It were only because we were bored.

The baby was teenyweeny then, and Ma was like a big old sleepy old cow plopped on the couch all day with him snuffling away at her boob. Even when he were sleeping she wouldn’t put him down for fear of waking him: she got Lydia sent in to read to her. Me and Titus sat on the floor outside her room. When we couldn’t hear any crying or reading we sneaked in to see her. It was dark and stuffy – all bed-smelling – and she were lying down fanning herself with her hands.

‘No,’ she said before we even could open our mouths. ‘Not now. I’m so tired. If you want something, ask your father.’

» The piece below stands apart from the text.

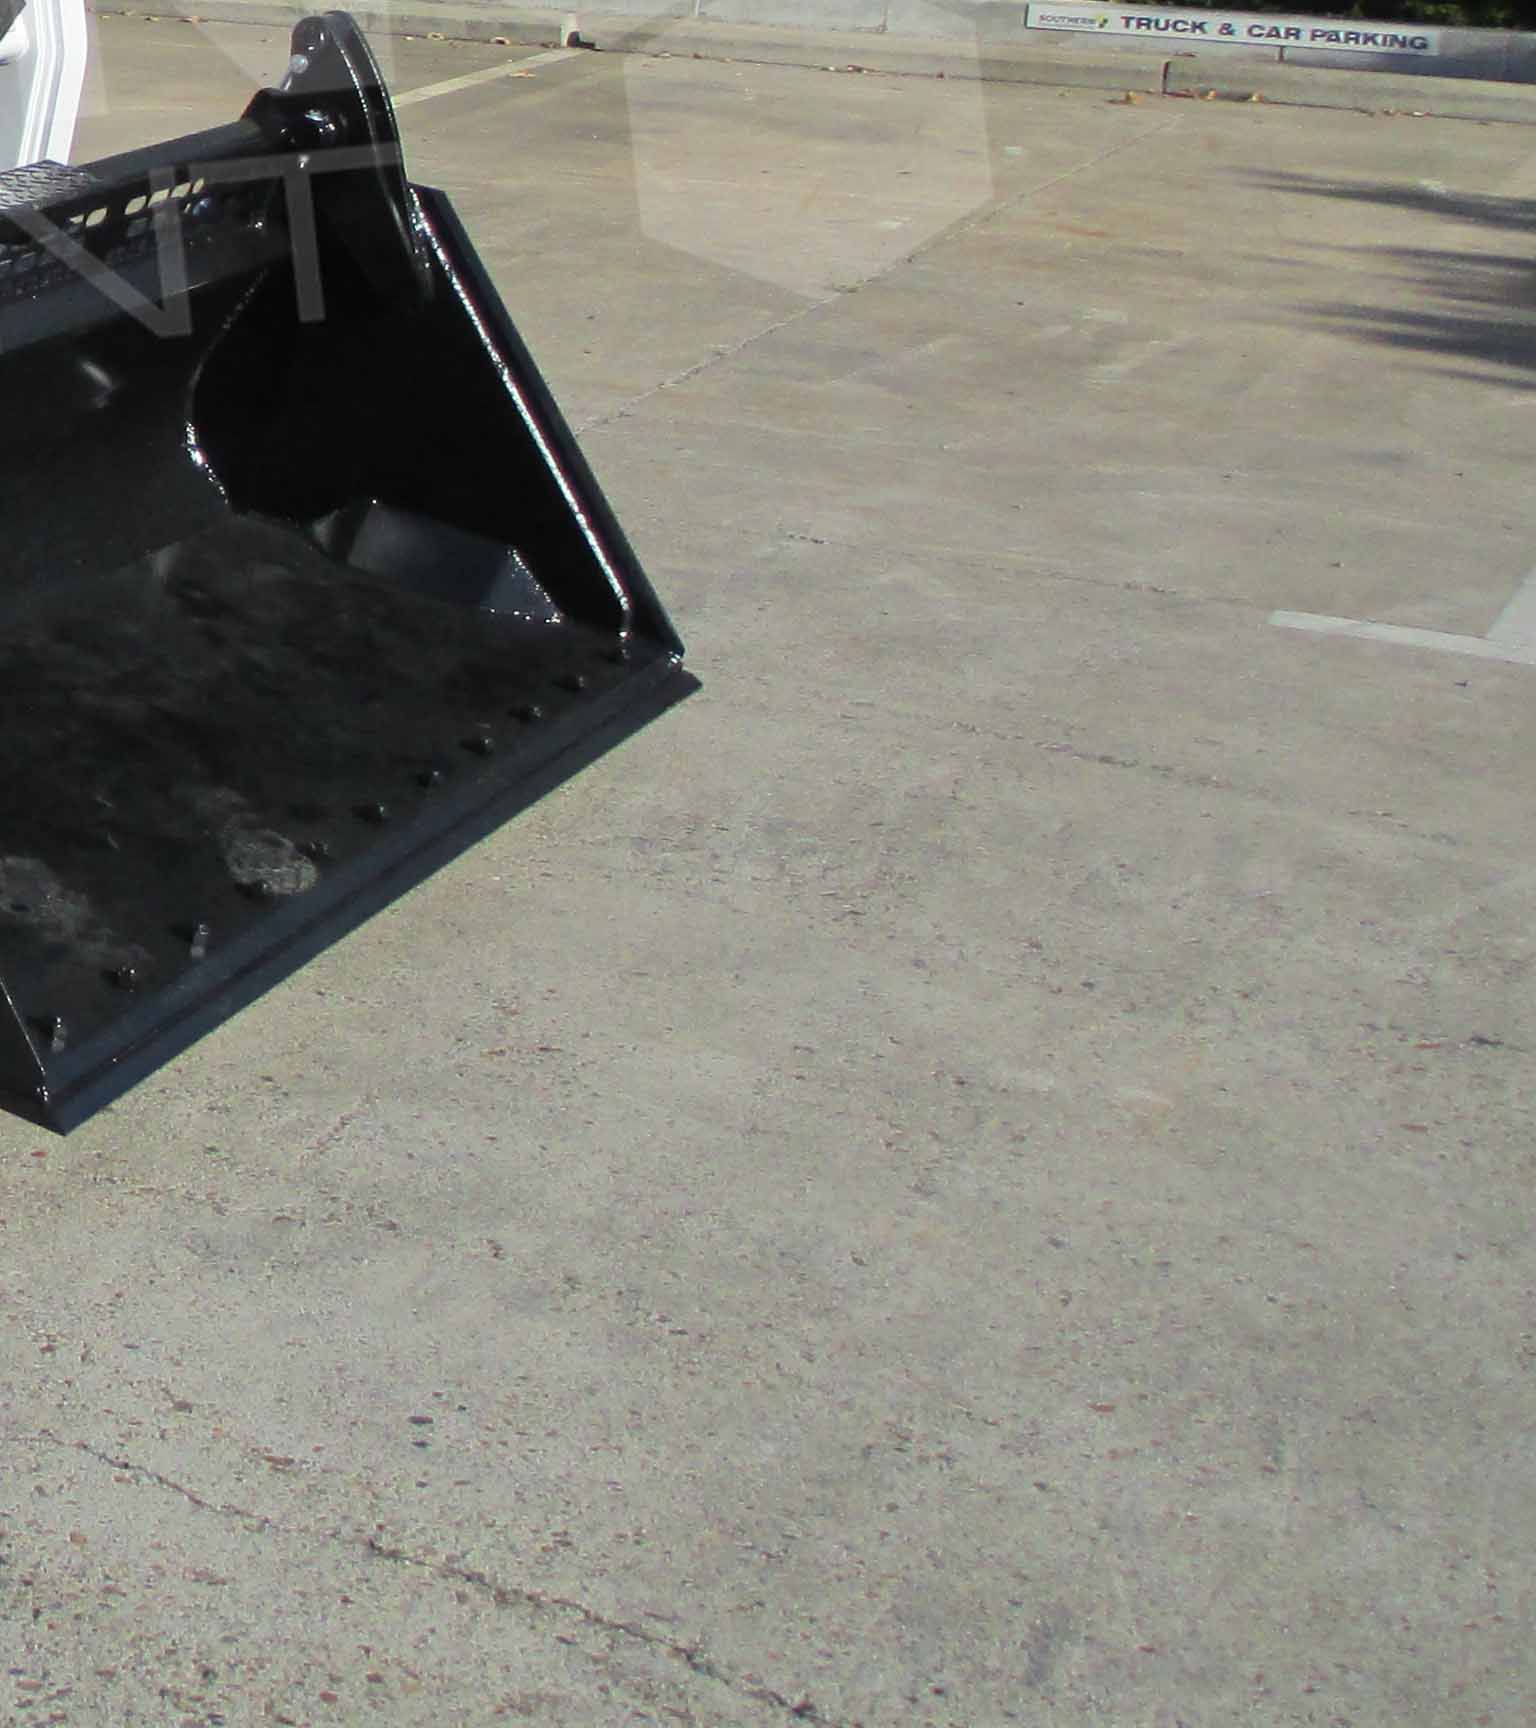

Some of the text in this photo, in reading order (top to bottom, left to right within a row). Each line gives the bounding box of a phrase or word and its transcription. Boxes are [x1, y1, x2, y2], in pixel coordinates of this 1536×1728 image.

[1120, 14, 1428, 51] TRUCK & CAR PARKING

But he were in his office. We poked our heads out the front door and there was a queue of his clients slumped on the bench mopping sweat off their hairy necks. So we knew Pa would be busy all morning.

‘Let’s play with the mice,’ I said.

So we goed to the kitchen. Barates was there, having a piss. He splooshed a basin of vegetable water down the drain after it.

‘get the mice down,’ said Titus, because they had put the jar high up on a shelf. Dormice are good: fat and snoozy, you can hold one in your hand and it won’t care, you can feel its heart twitching and its bones are like a soft little bag of beads. It’s like Ma says: ‘he’s just so precious when he’s asleep.’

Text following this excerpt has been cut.